When you compete at the biggest sports car race of the year, you go there with a purpose or you might as well not go there at all. Audi set out to prove diesel could work as a modern kind of engine. It worked. (Maybe too well.) Ford set out to prove that corporate America could crush Europe again, just a few decades after World War II. It worked and they just made a movie about it. And in the turn of the millennium, Cadillac set out to prove, uh, something. It didn’t go great.
The Cadillac LMP program ran for three years, 2000, 2001, and 2002, before GM abruptly pulled the plug on the thing having never even podiumed at La Sarthe. The General “unceremoniously canceled the program at the end of 2002 stating their goals had all been met,” as the excellent racing tech site Mulsanne’s Corner put it.
To say the project was an abysmal failure would be a little bit vague. It finished worse than the rival programs of both Panoz, the absolutely most hard-headed Le Mans program in American history, and the Chrysler LMP project, which I don’t even know if Chrysler remembers at this point.
The Cadillac LMP was a bit of an odd duck, as it was a follow-up program to the Corvette Le Mans effort, even started by the same American Indy and sports car racing specialist Riley. The Corvette program quickly became legendarily good, both in that it was a dominating force for Le Mans wins in the actual sports car class below the prototypes, and in that it ran giant front-engine pushrod V8 cars that bellowed and sounded like nothing else in Europe at all. It waved the flag pretty well.
The Cadillac program did not stick with the idea of a lot of gumption and endless corporate resources could turn something old fashioned into something cool. The Cadillac didn’t use a pushrod V8, it had a twin-turbo quad-cam one. It wasn’t front-engine, it was mid-engine.
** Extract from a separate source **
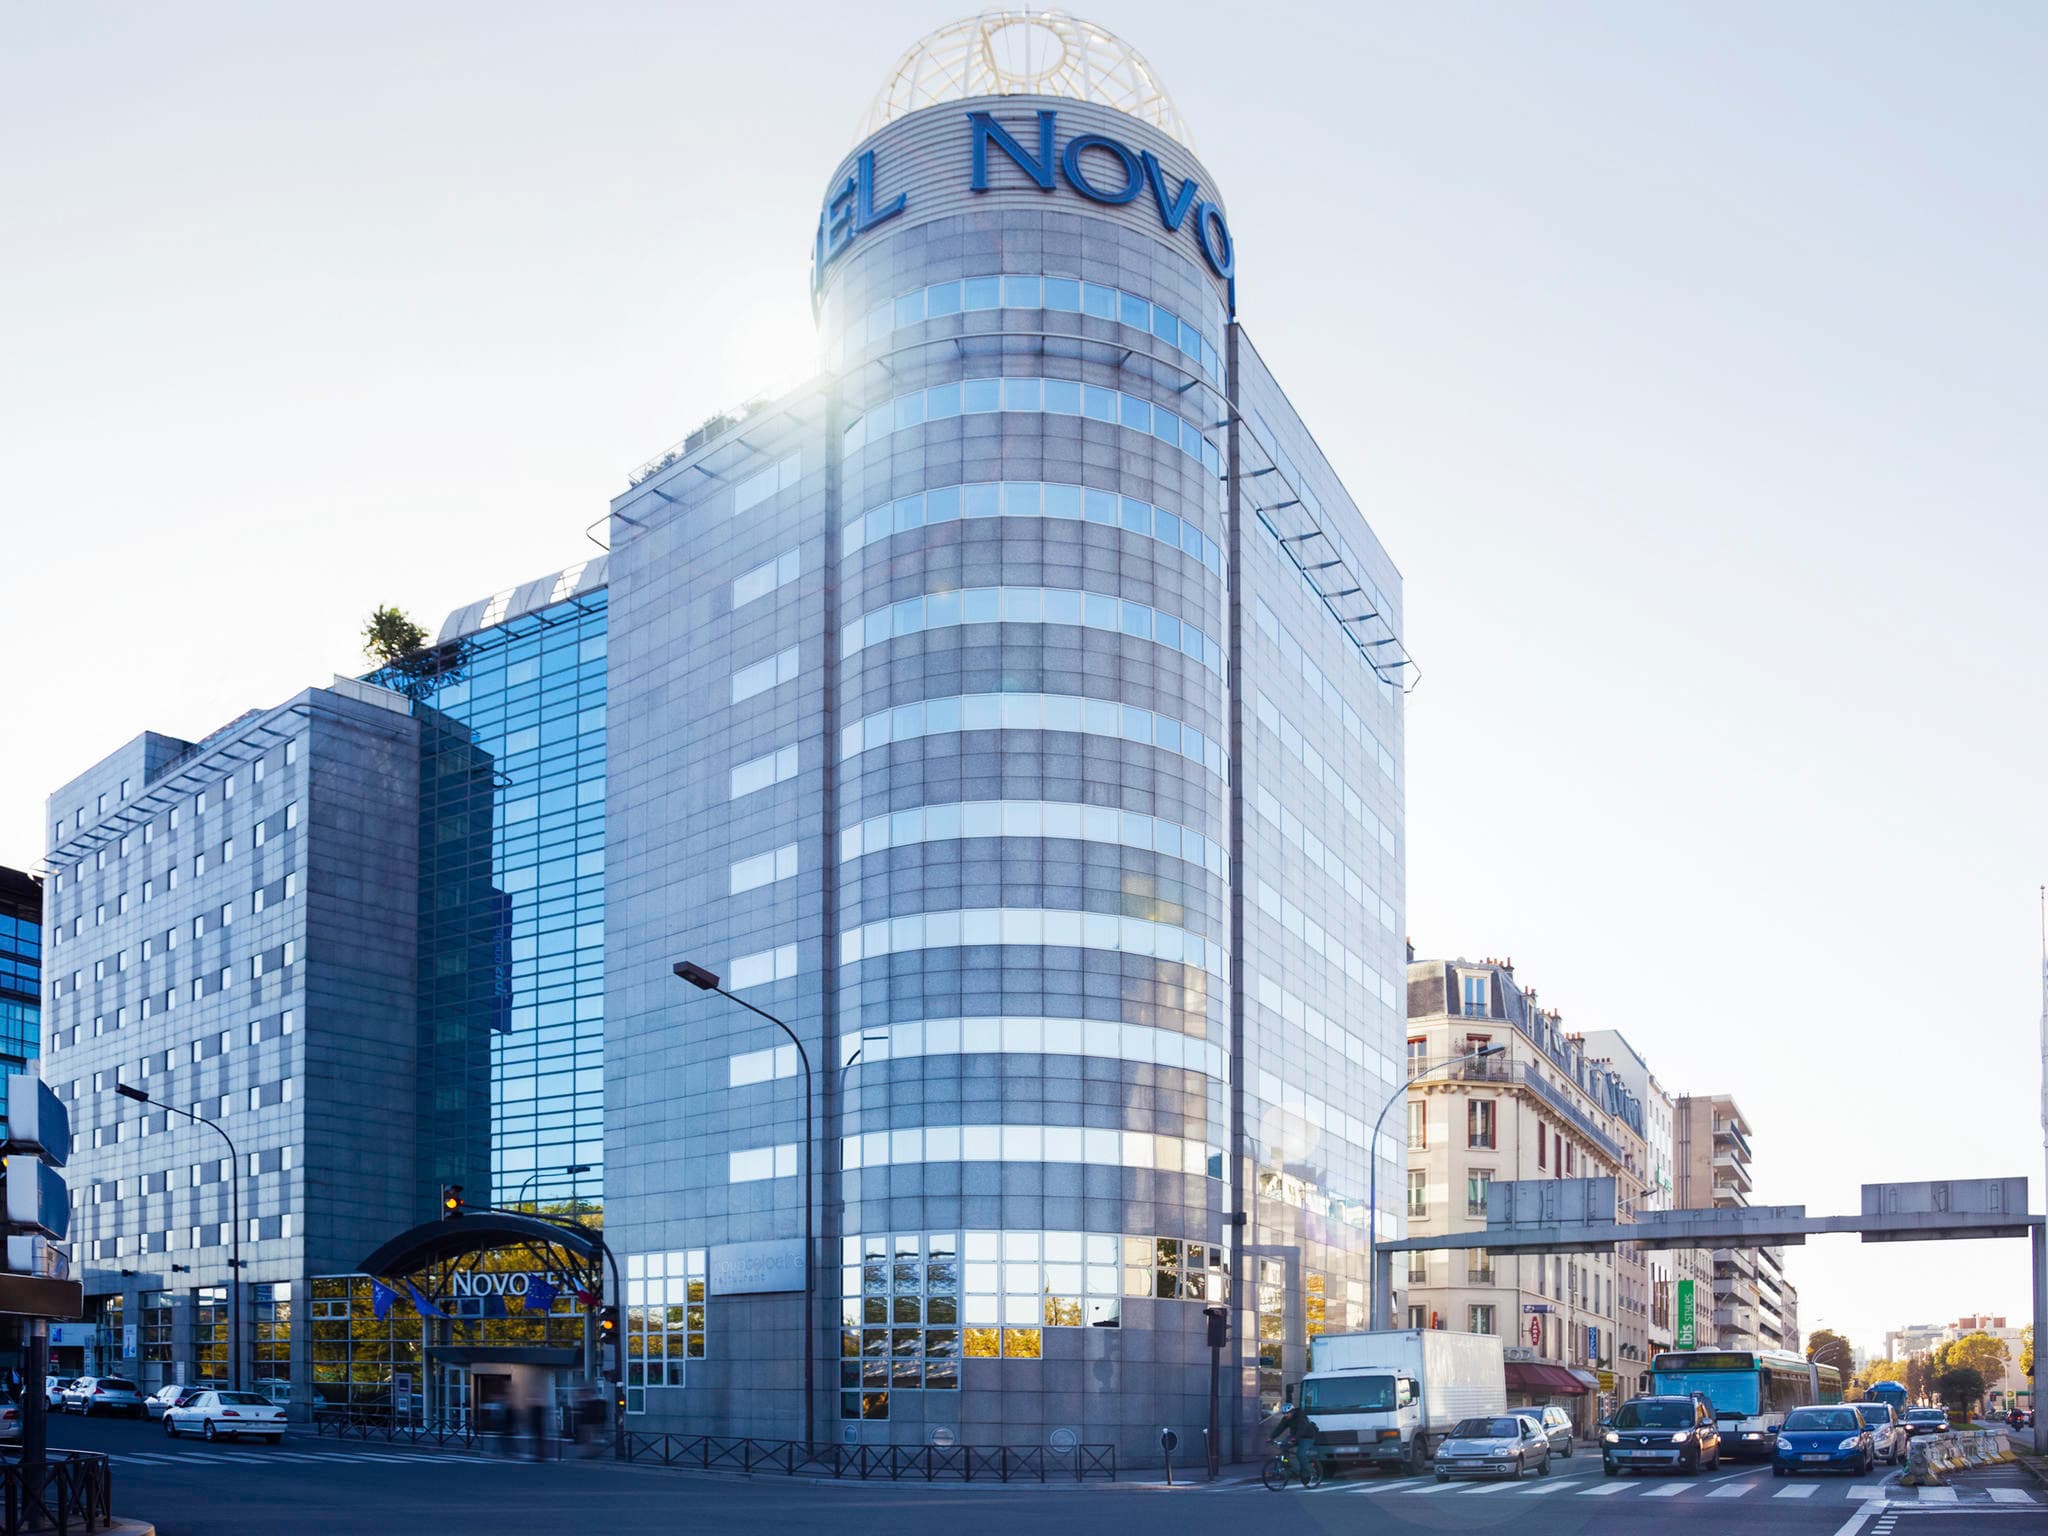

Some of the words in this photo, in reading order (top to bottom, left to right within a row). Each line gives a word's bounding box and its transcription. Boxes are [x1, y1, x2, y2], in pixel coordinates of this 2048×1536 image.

It didn’t look like nothing else, it looked anonymous.
Contrasting that to, say, the wonderful front-engine Panoz prototype that never took over Le Mans results but captured its imagination, the Cadillac had no real chance to succeed. Even if it had won outright, it would have been by following the same basic formula as everyone knew could win. Look at the Peugeot 908. It beat Audi, but nobody really remembers it because it just... looked like an Audi, was built like an Audi, sounded like an Audi, and might as well have been one to any casual observer. There was nothing great about the Cadillac LMP program, aside from that there was very little that was good about it.
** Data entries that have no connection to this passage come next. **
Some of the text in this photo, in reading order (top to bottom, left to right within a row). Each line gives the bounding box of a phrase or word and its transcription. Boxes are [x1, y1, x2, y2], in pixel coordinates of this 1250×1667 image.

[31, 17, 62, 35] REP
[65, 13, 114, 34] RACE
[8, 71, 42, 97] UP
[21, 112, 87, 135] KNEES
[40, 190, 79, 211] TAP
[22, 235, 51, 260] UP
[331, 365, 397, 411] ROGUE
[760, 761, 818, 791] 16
But apparently its final and best iteration is back on track, reportedly after 17 years away. This is the LMP-02 version, with design work by Nigel Stroud who penned the immortal Mazda 787B. Euro trackday and testing day specialist 19Bozzy92 caught the car on camera sharing Paul Ricard circuit with a bunch of other retired race cars (the Ferrari 333 SP among them), seemingly the start of a longer return:
(Since I’m pretty sure you’ll ask about that Cadillac, that was its first outing on track after 17 years of inactivity. It had some ECU issues so it wasn’t running at its best and you’ll notice some bad misfiring sound from the twin-turbo V8. It will be ready to race again in the future) ;)
I can’t wait to see this spectacularly sisyphean car back out on track, reminding the world that there’s no good idea that GM can’t screw up.